日の出をもって新しい日の始まり 未明は危険な時間帯
昔の話です。インドや日本など太陽を神聖なものと考える人は、太陽が昇るのをもって新しい日の始まりと考えていました。
御来光は、元日の到来を告げながら登る太陽を拝むことでした。
元旦は、もともとは新しい年の始まりでした。
しかし、太陽を神聖なものと考える人だけではありません。
日没を日境と考える人と多くの人が納得する日境
キリスト教やイスラム教など月を神聖のものと考える人は、夜がきたのをもって新しい日の始まりと考えていました。
キリストが生まれたとされる12月25日の一日は、今でいう12月24日のイブニングから25日の日暮れまでで、クリスマスイブが盛大な理由とも言われています。
これに対し、いろいろな人が暮らしていた古代ローマでは、多くの人が納得できる日没と日の出の中間をもって、一日の始まりと考えていました。
そして、夜をおおよそ3時間ごとの4つの時間帯に分け、「一日も遅くなってから」、「真夜中」、「おんどりの鳴くころ」「朝早く」と名付けていました。
気象庁の時間帯に関する用語
気象庁では、防災に係る用語について一般利用者の目線に立った明確さ、平易さ、聞取りやすさのため、天気予報や気象情報、解説等で用いる「予報用語」を定めています。
予報用語のうち、時間帯に関する用語は、平成19年4月からそれまでの用語を少し変え、18時~21時を「夜のはじめ頃」、21時~24時を「夜遅く」、日付が変わった00時~03時を「未明」、03時~06時を「明け方」としています。
気象庁の用いる予報用語の時間帯と古代ローマ人の時間帯とを比べると、言葉のイメージからだけですが、私たちは古代ローマ人より宵っ張りの感じがします。
18時~21時については、それまでは「宵のうち」としていましたが、変更時には、「夜のはじめ頃にかえると情緒がなくなる」などの意見がでています。
当時、日本語学の金田一瑞穂杏林大学教授は、「宵はお酒を飲むイメージもまとわりつくので、なるべく色やにおいのついていない中立の言葉がいいと思うのはわかる」と述べています。
大災害の可能性がある「未明」
「夜遅く」がすぎ、日付けが変わって「未明」となると、多くの人が睡眠中で、避難などが遅れがちになることから、この時間に顕著現象が起きると大災害の可能性があります。
例えば、昭和26年以降、100名以上が死亡するという大惨事をもたらした台風は13個あります。この13個が上陸した時間でみると一番多いのが「未明」の4個、次いで「夜のはじめ頃」の3個です(図2)。

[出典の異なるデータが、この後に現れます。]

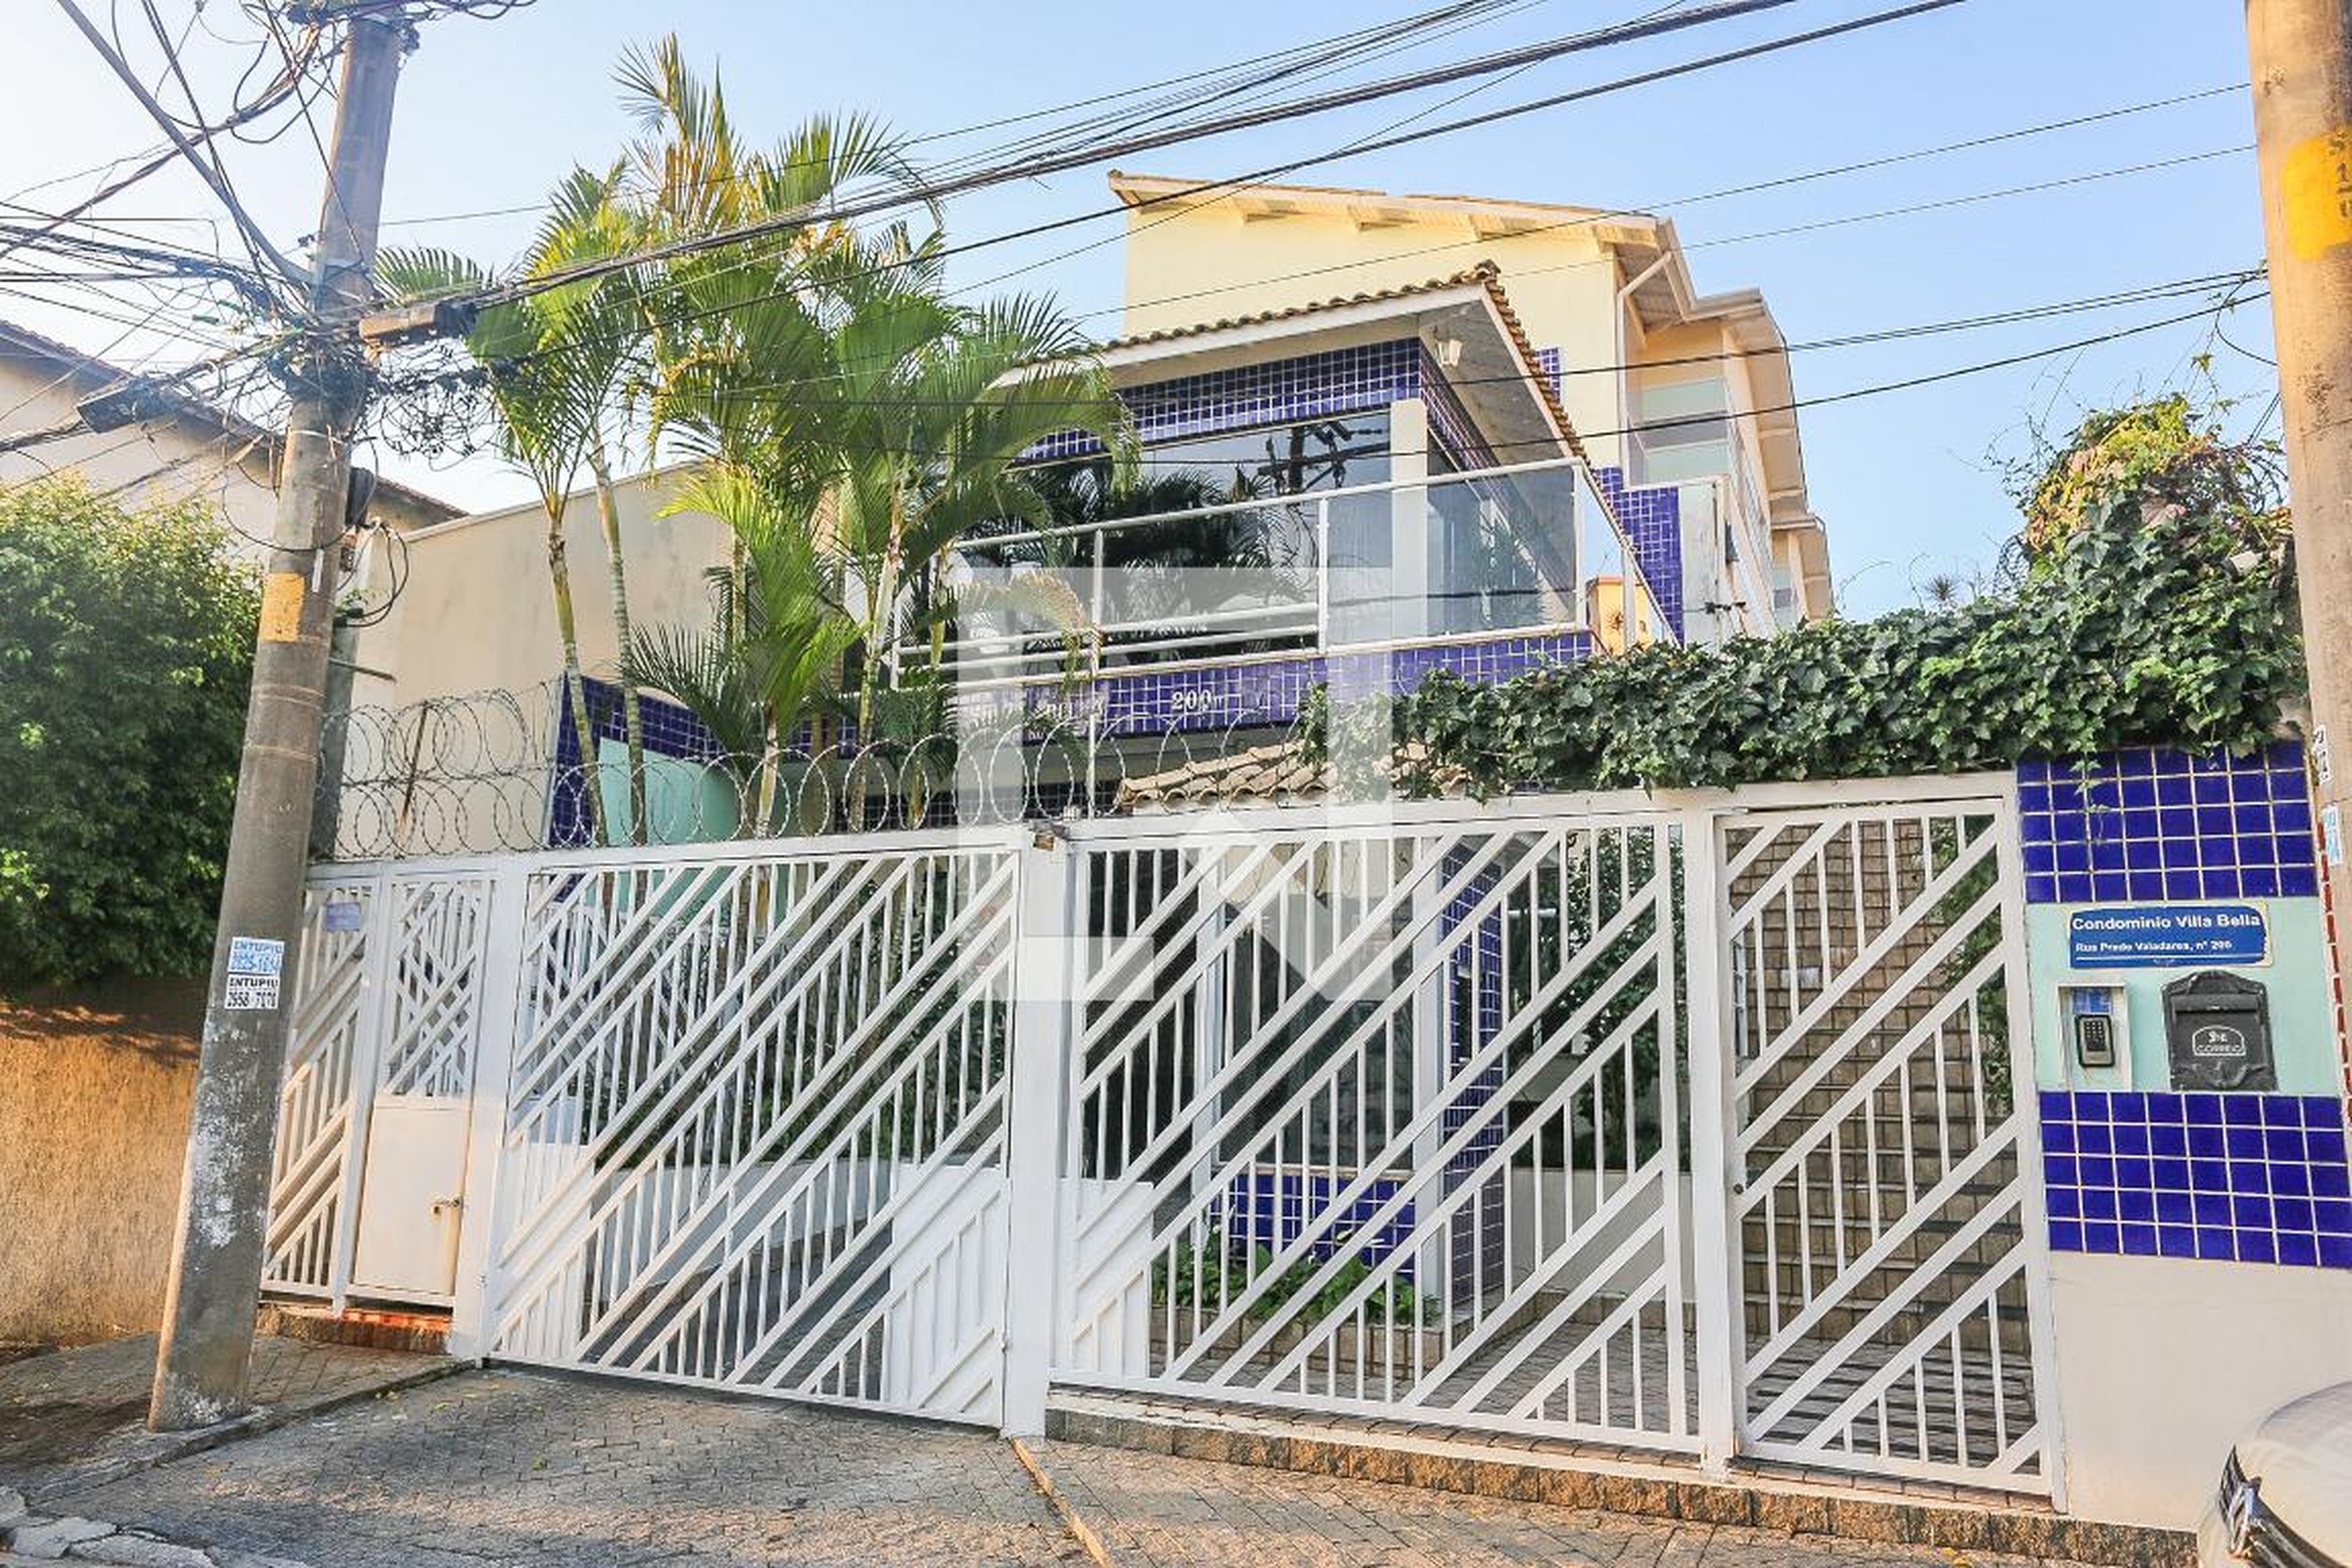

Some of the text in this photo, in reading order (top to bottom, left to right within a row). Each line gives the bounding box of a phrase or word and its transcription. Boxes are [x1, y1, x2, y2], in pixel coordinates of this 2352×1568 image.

[2176, 914, 2212, 927] Villa
[2217, 913, 2261, 927] Bella
[2075, 942, 2098, 952] Rua

台風の上陸は、気圧が一番低い場所(気圧中心)が、九州、四国、本州、北海道という4島上にきたときを「台風上陸」と定義していますが、上陸した時刻を調べると、夜間のほうが昼間より1.5倍程度多くなっています。これは、太陽からの日射で陸地が加熱されている影響とも言われていますが、この上陸数の昼夜の割合の差以上に、大惨事をもたらした台風が上陸する割合は夜間で多くなっています。
特に「未明」は防災において危険な用語です。
気象情報で「未明」という言葉がでてきたら、より一層の警戒が必要です。